The functional flow is as follows:

The Automator (syqada auto) examines the batchroot of each task in turn, creating the directory if it does not exist. If no METADATA file exists in the batchroot, that file is created from the protocol and config files. The Automator then uses the batch_tool on each batchroot to determine the current state of the batch so as to decide whether to invoke the BatchRunner on that task.

The BatchRunner (syqada batch) creates a JobBatch object to manage the task. For any new task, it then sets up the batchroot directory and uses the JobGenerator to generate new jobs using the task file and the task template identified by the task file. New jobs are placed in the task’s PENDING directory.

Thereafter, the BatchRunner gives control to the existing JobBatch object to manage the jobs in the task. The JobBatch submits each job (up to some limit) to the queue_manager (either LOCAL, PBS, or LSF) which manages job execution. The job is then moved to the task’s RUNNING directory.
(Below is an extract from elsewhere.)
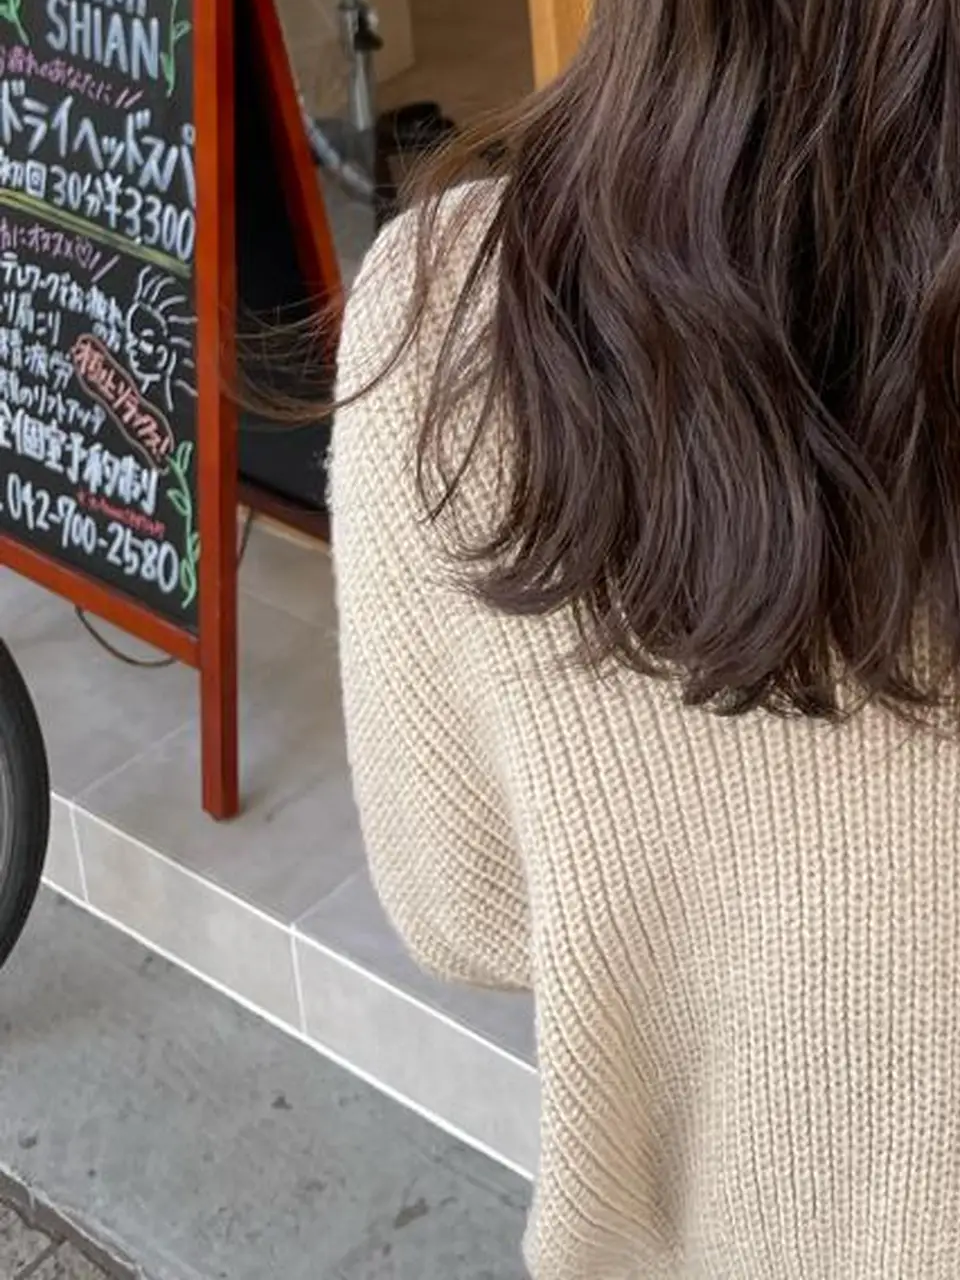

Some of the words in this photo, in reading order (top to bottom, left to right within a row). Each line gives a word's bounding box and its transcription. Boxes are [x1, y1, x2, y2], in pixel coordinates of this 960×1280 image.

[1, 80, 196, 207] ドライヘッドスパ
[0, 291, 61, 345] り肩こり
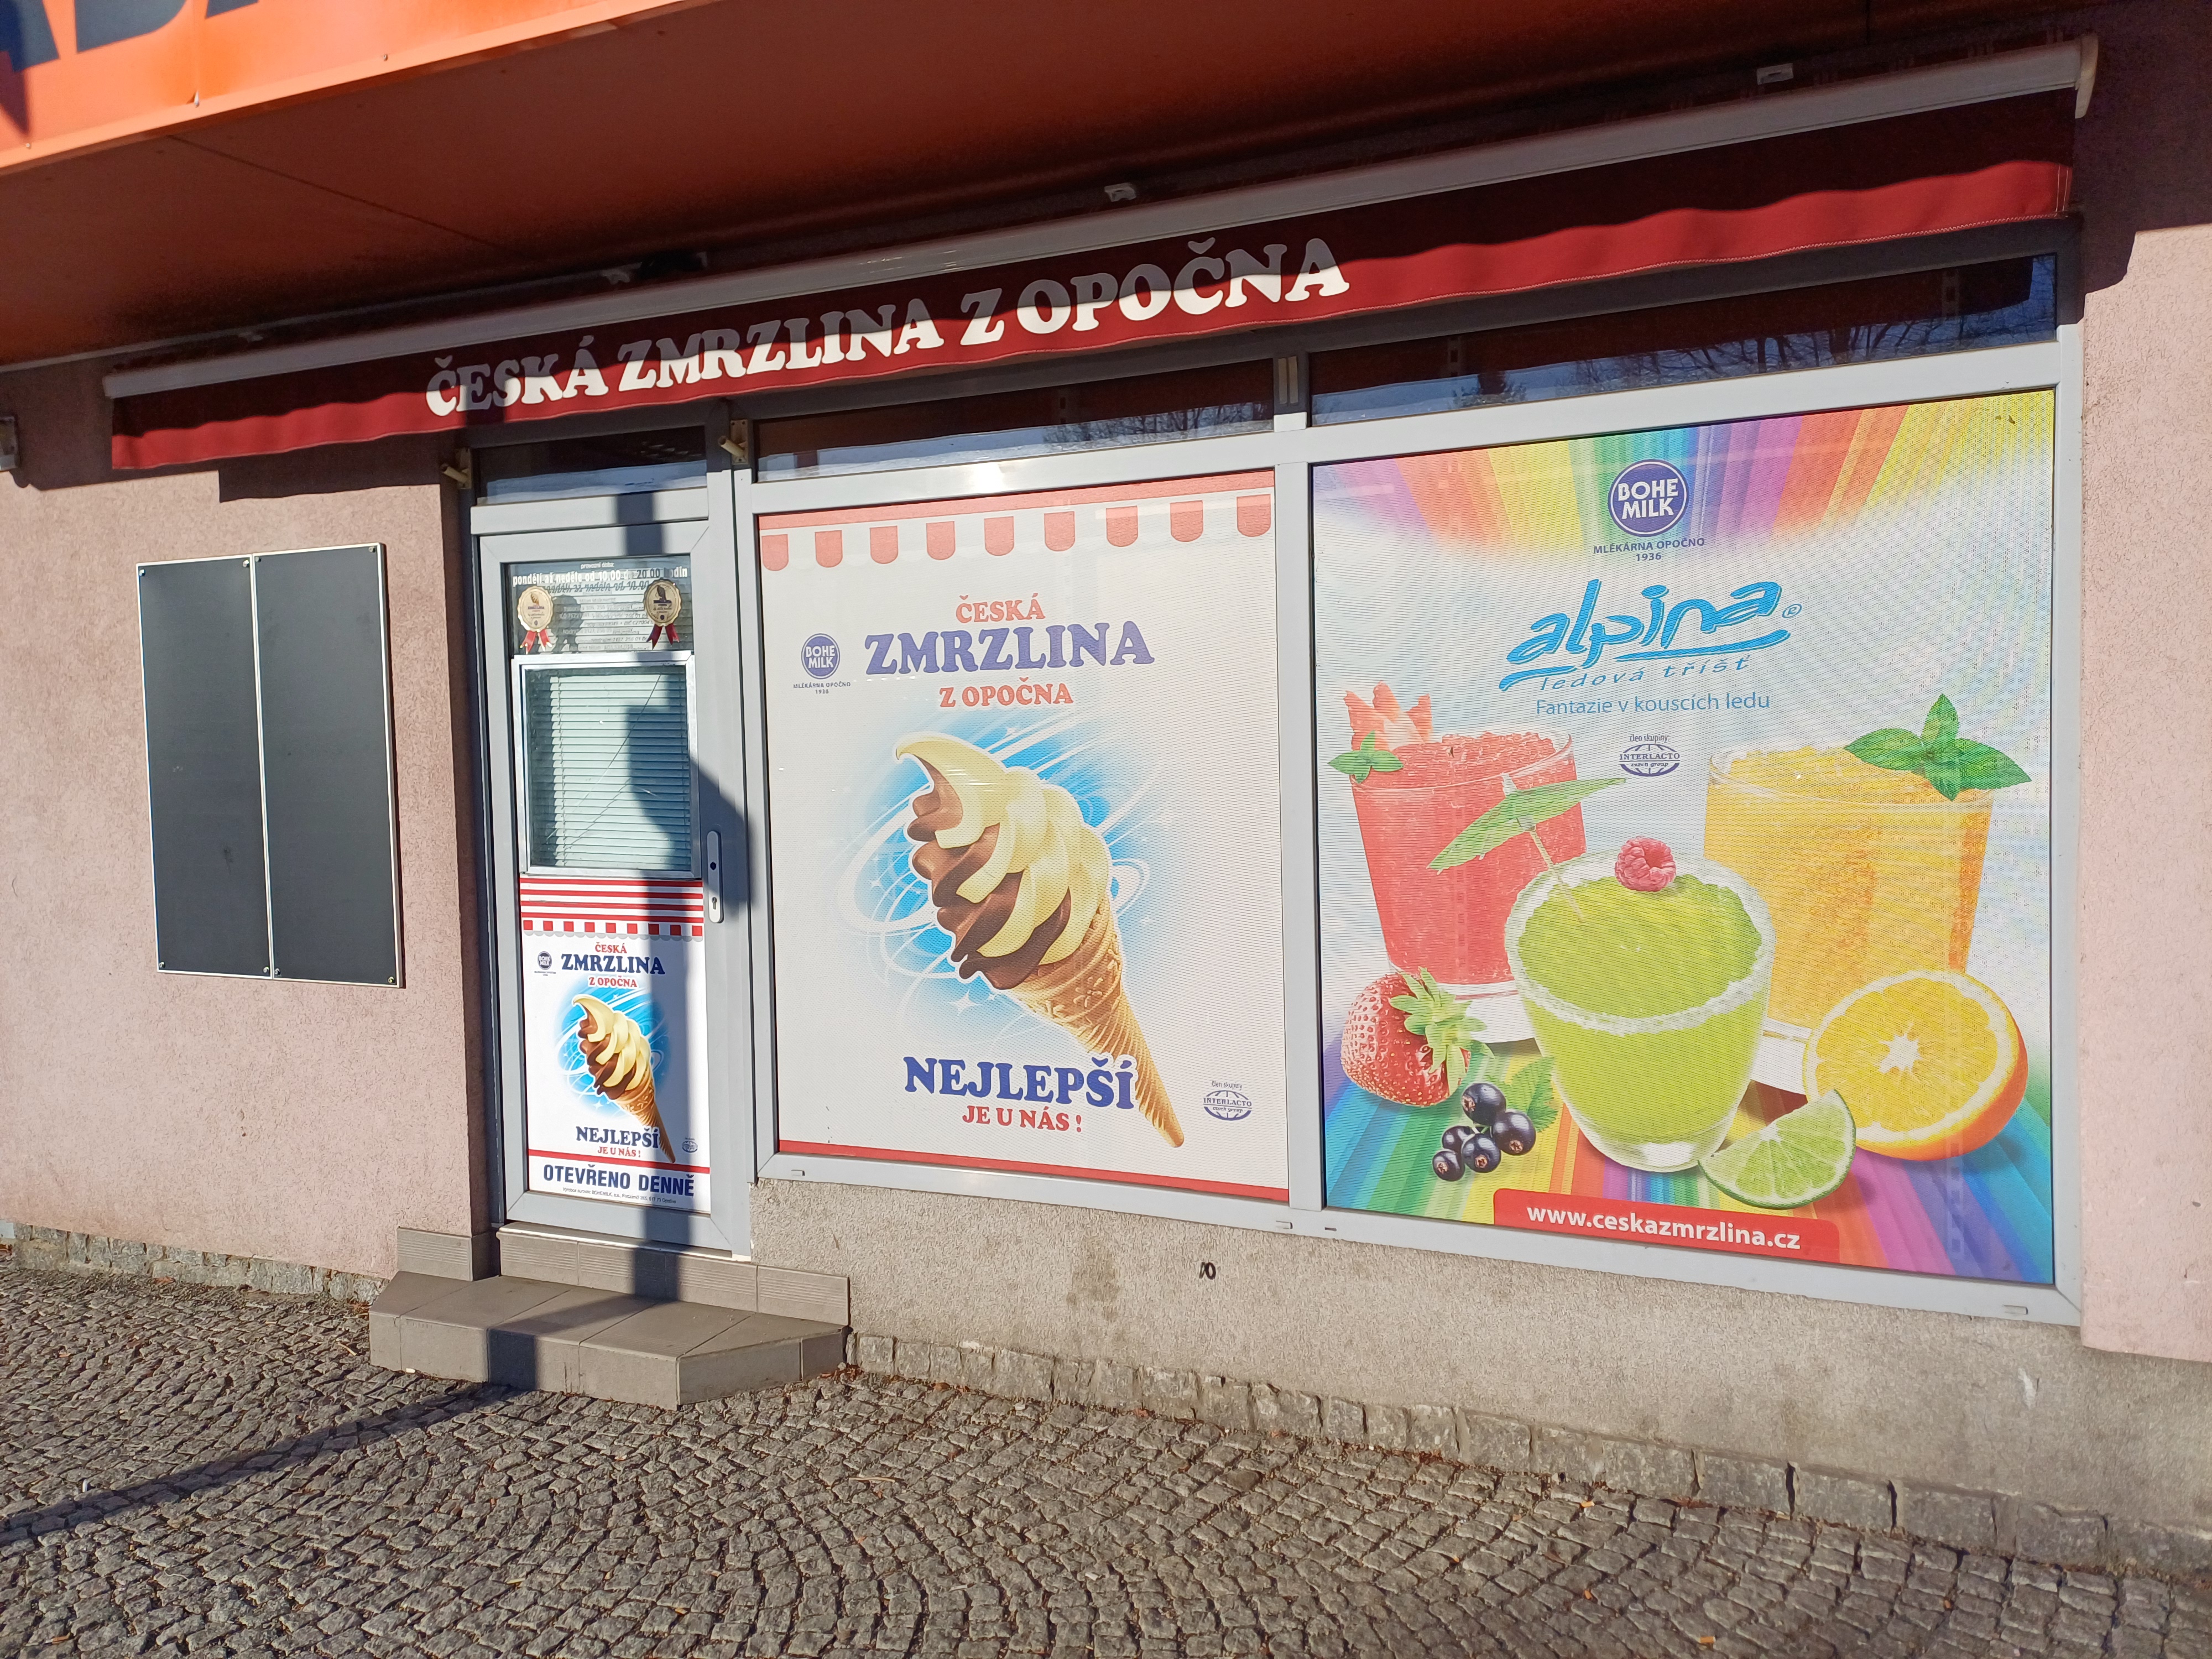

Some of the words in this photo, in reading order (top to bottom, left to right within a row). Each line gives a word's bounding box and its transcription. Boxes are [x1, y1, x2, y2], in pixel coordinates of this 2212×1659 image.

When the JobBatch and queue_manager determine that the job is complete, it is moved to the task’s DONE directory. Failures are moved to ERROR. Intermediate states QUEUED and STUCK can be created dynamically to record those statuses.

When the JobBatch is complete, control is returned to the BatchRunner, which in turn relinquishes control to the Automator, which then decides whether to terminate with an error or run the next step.

Historical Invocation

This example is provided merely as an indication of the organic growth of SyQADA. Before about version 0.9.4, one created a matching batchrunner.sh for each script template. This continued to be supported, although mostly unused, throughout version 0.9. Here is an example of a batchrunner.sh that might have worked with the script template described in How to Build a Script Template. Version 0.9.8 did so by creating a METADATA file and then proceeding in the same way as version 1.0. (Note, a particular problem was that namepatterns that included glob symbols need to be quoted, since they were passed through the shell)

syqada batch \
  --project $PROJECT \
  --configuration control/$PROJECT.config \
  --sample_file control/$PROJECT.samples \
  --inputdir 05-PicardSortSam/output \
  --rundir . \
  --interface LOCAL \
  --task $VARIANT_CALLING/pipelines/seqdata/alignment/07-FilterExome.sh \
  --gb_memory=4 \
  --jobestimate=15:00 \
  --namepattern '_*.bam' \
  --step $@

Environment

There are one or two special terms that are drawn from the program’s shell environment. Their names, uses and defaults follow:

SYQADAPATH
    A colon-separated list of directories in which to look for workflow tasks and templates.
    It defaults to the directory containing the bin where the running SyQADA executable
    is found.

The following environment variables are frequently used in the standard workflows:

PROJECT
    The name of the project, for interpolation into filenames, chiefly tumor-normal and
    pairs files for somatic variant detection.

TEAMROOT
    The root of a directory tree that contains a number of executable bins as well
    as the standard genomic reference files in use by the team.

SYQADA
    The path to the version of SyQADA currently in use.